Colorado Bad: Colorado frackers dramatically increased their reliance on high-quality water for fracking to over 10 billion gallons of freshwater a year during the ongoing mega-drought, even though they could have used their wastewater.

Colorado Good: The National Renewable Energy Laboratory has received $150 million through the Inflation Reduction Act for expansions in Arvada and Golden.

Colorado Dry: Under strong pressure from the federal government, the states of Arizona, Nevada, and California brokered a landmark deal to equitably reduce consumption of the drying Colorado River, using $1.2 billion from the Inflation Reduction Act to pay farmers to use less water.

The Biden administration has hit pause on the Rio Tinto-BHP Resolution Copper Mine in sacred Apache lands of Oak Flat of Arizona, “to meet with opposing tribes and review the Forest Service’s consultation.”

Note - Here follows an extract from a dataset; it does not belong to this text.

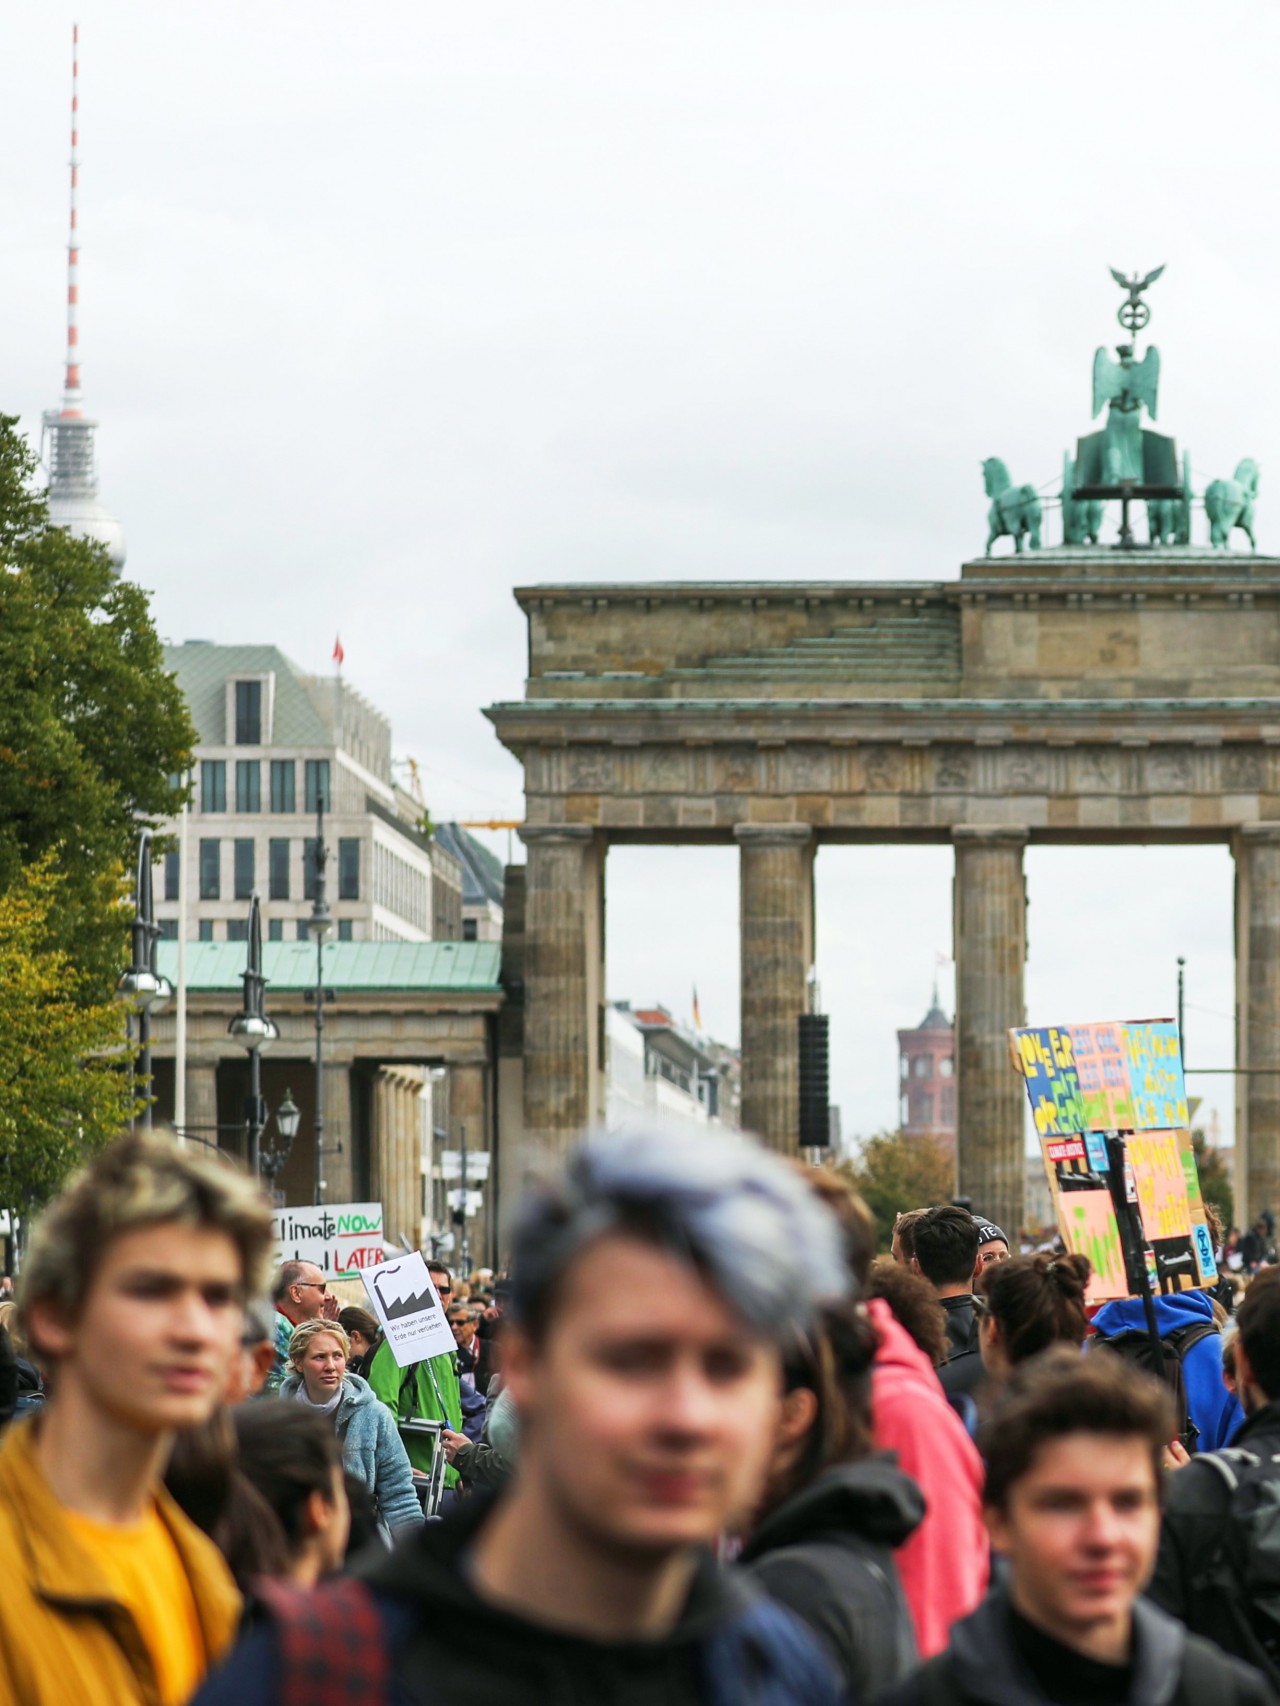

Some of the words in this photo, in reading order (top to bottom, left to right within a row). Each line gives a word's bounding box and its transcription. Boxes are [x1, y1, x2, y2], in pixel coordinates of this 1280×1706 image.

TODAY IN HEARINGS: We’ve got markups! In Transportation and Infrastructure, there’s a markup of legislation to cripple NEPA for port infrastructure projects (H.R. 3316), fight oceanic plastic pollution (H.R. 886), and simplify the disaster relief process (H.R. 1796), among other bills.

At 2 PM, the Federal Lands subcommittee of Natural Resources marks up multiple bills on wildfires, logging, timber sales, and fighting Rapid ʻŌhiʻa Death in Hawaii (H.R. 1726).

U.S. Department of Agriculture officials Terry Cosby, Chief of the Natural Resources Conservation Service, and Zach Ducheneaux, Administrator of the Farm Service Agency testify before the Ag committee.

The Natural Resources Water, Wildlife and Fisheries subcommittee, chaired by Cliff Bentz (R-Ore.) with ranking member Jared Huffman (D-Calif.), reviewed the FY 2024 budget for the agencies under its jurisdiction: the U.S. Bureau of Reclamation, U.S. Fish and Wildlife Service, National Oceanic and Atmospheric Administration, and the Power Marketing Administrations, with the heads of those agencies.

Finally, a cavalcade of fossil-funded think-tankers, including the Institute for Energy Research’s Kenny Stein, opine on the “domestic energy sector supply chain” for the Energy and Commerce oversight subcommittee, chaired by Rep. Morgan Griffith (R-Va.). There was a lot of discussion of the perfidy of China.

Clavadistas 🐸 🌞 🏊‍♀️

What’s that, you want to know about how the debt ceiling negotiations are going? Having read the latest reports on our metaphorical Nazi-truck-crashing-into-the-White-House scenario, I can’t give you any good news, but I did unfortunately discover that Rep. Marjorie Taylor Greene (Q-Ga.) paid $100,000 for Speaker Kevin McCarthy’s (R-Moron) cherry chapstick.